===== Source data =====

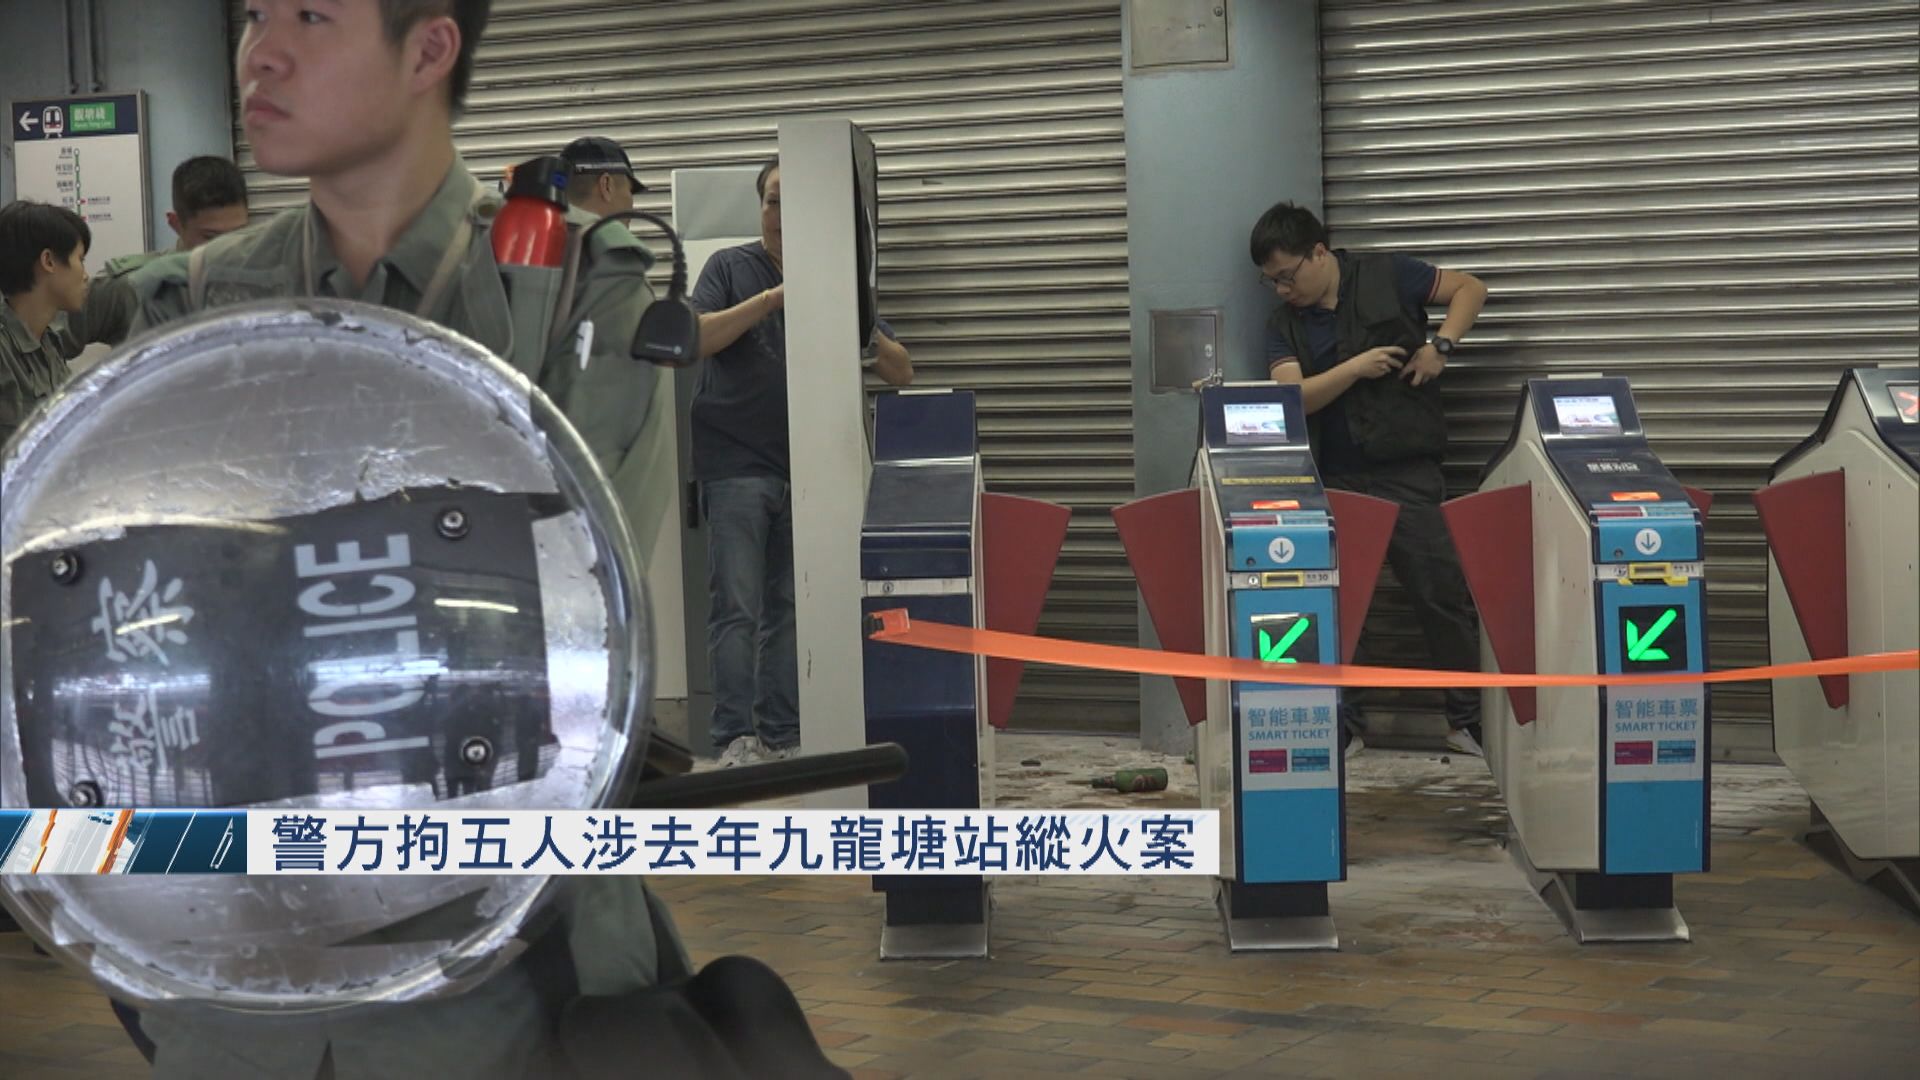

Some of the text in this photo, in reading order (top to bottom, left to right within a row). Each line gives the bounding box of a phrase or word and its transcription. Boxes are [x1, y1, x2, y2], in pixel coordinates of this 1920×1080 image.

[294, 532, 430, 760] POLICE
[1247, 706, 1332, 728] 智能車票
[1615, 698, 1698, 719] 智能車票
[1248, 728, 1332, 741] SMART TICKET
[1615, 720, 1698, 733] SMART TICKET
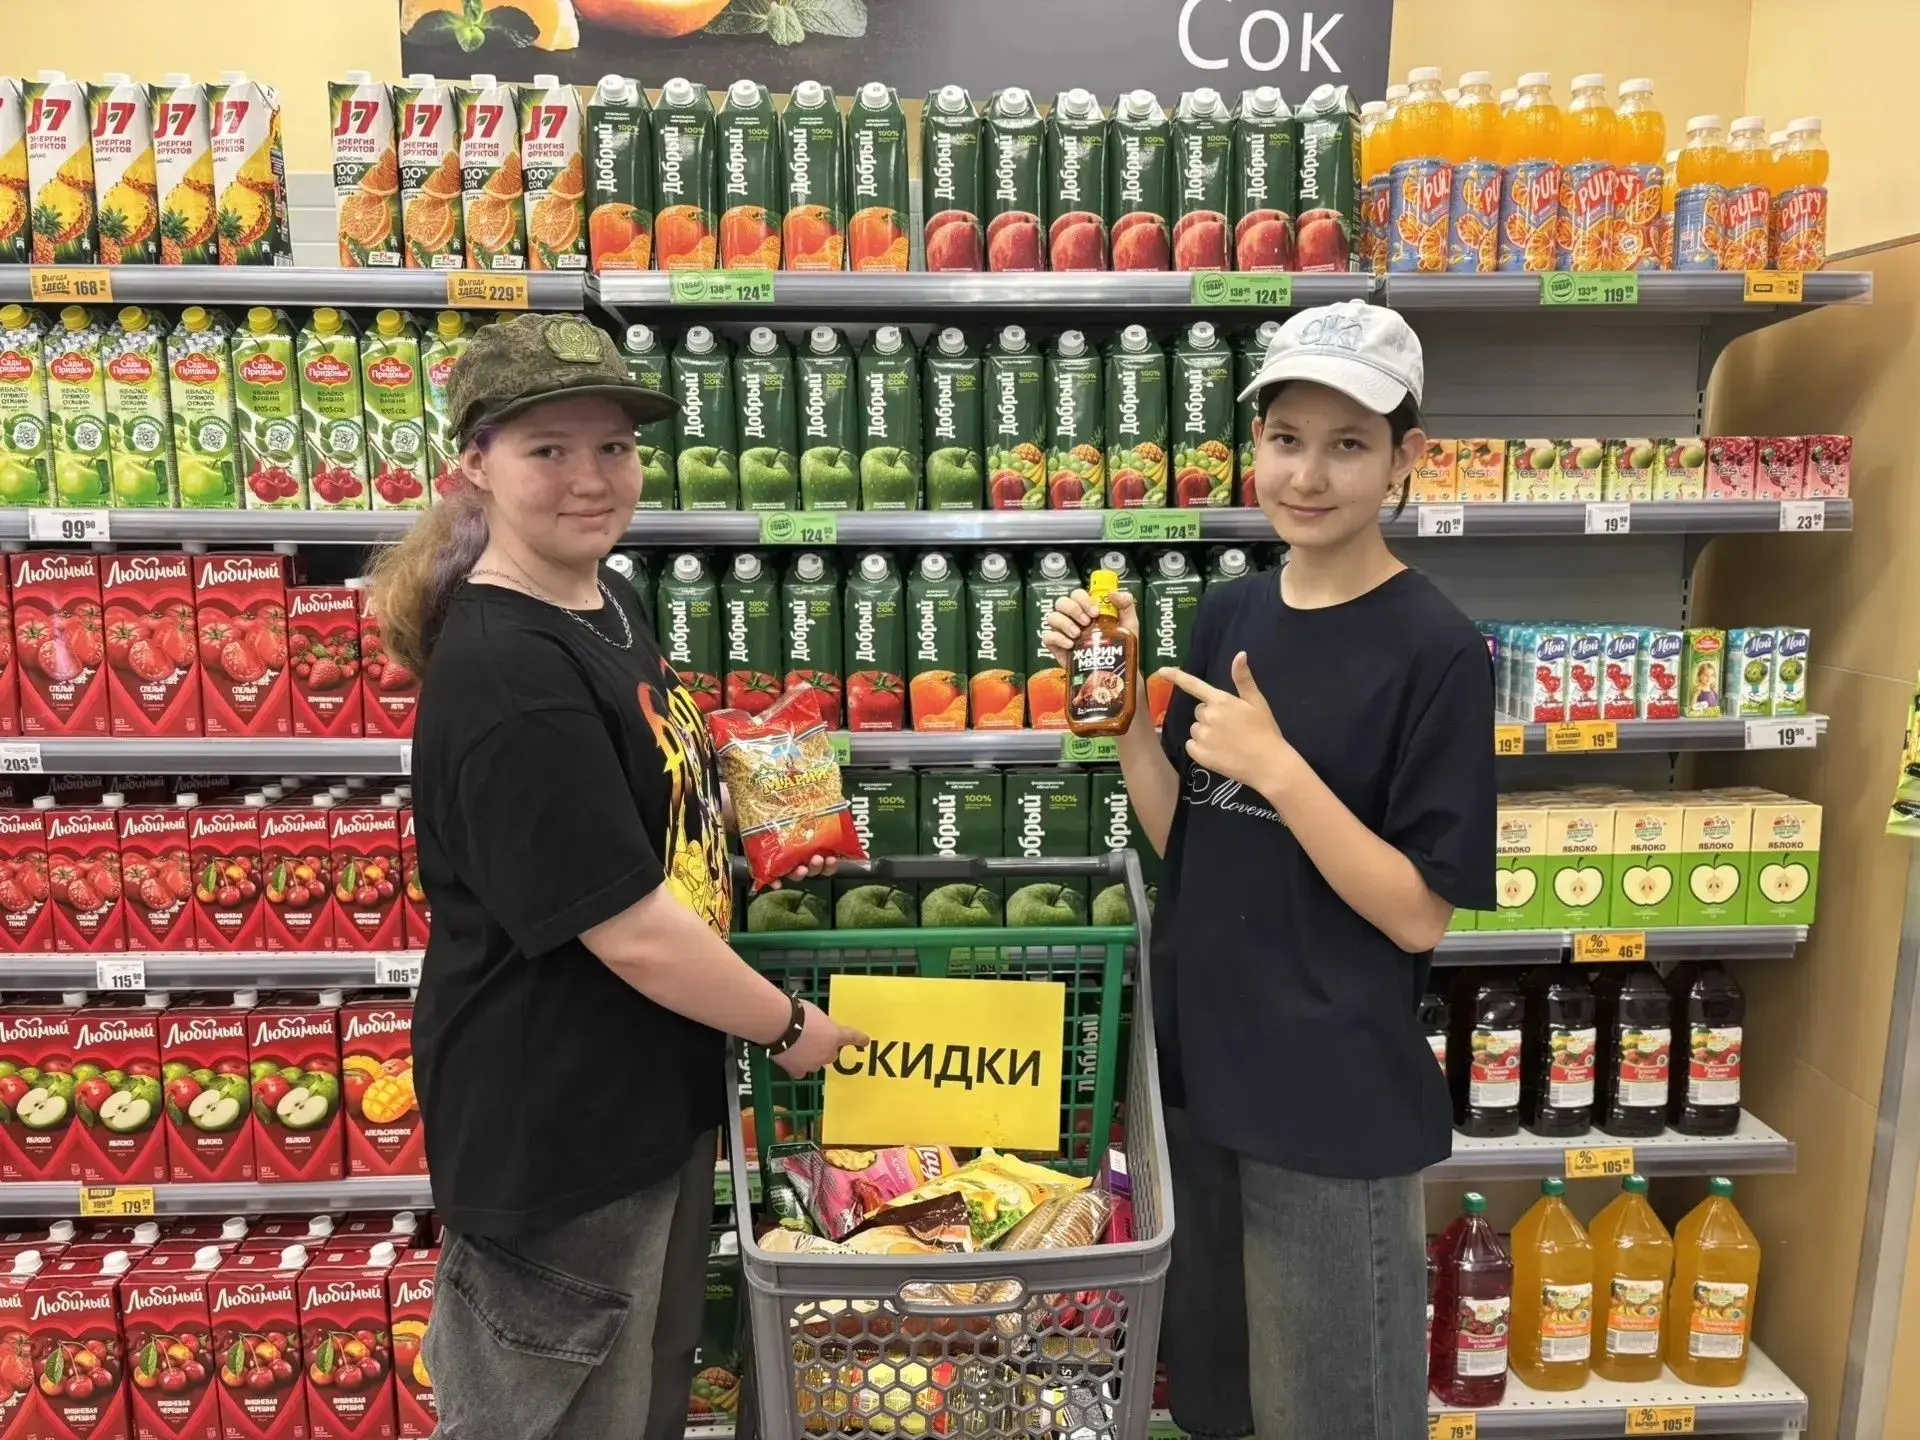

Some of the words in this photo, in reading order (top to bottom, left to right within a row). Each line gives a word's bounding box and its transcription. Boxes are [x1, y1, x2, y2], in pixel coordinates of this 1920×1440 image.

=====

# Required action
Your copy must repeat the data word for word and show none of its images.

# Output for this exercise
Some of the text in this photo, in reading order (top to bottom, left to right within a row). Each line gives the bounding box of a phrase or word and its transcription. Boxes are [x1, y1, x2, y2], in pixel coordinates of this 1920×1080 image.

[294, 532, 430, 760] POLICE
[1247, 706, 1332, 728] 智能車票
[1615, 698, 1698, 719] 智能車票
[1248, 728, 1332, 741] SMART TICKET
[1615, 720, 1698, 733] SMART TICKET

Some of the words in this photo, in reading order (top to bottom, left to right within a row). Each line gives a word's bounding box and its transcription. Boxes are [x1, y1, x2, y2], in pixel coordinates of this 1920×1440 image.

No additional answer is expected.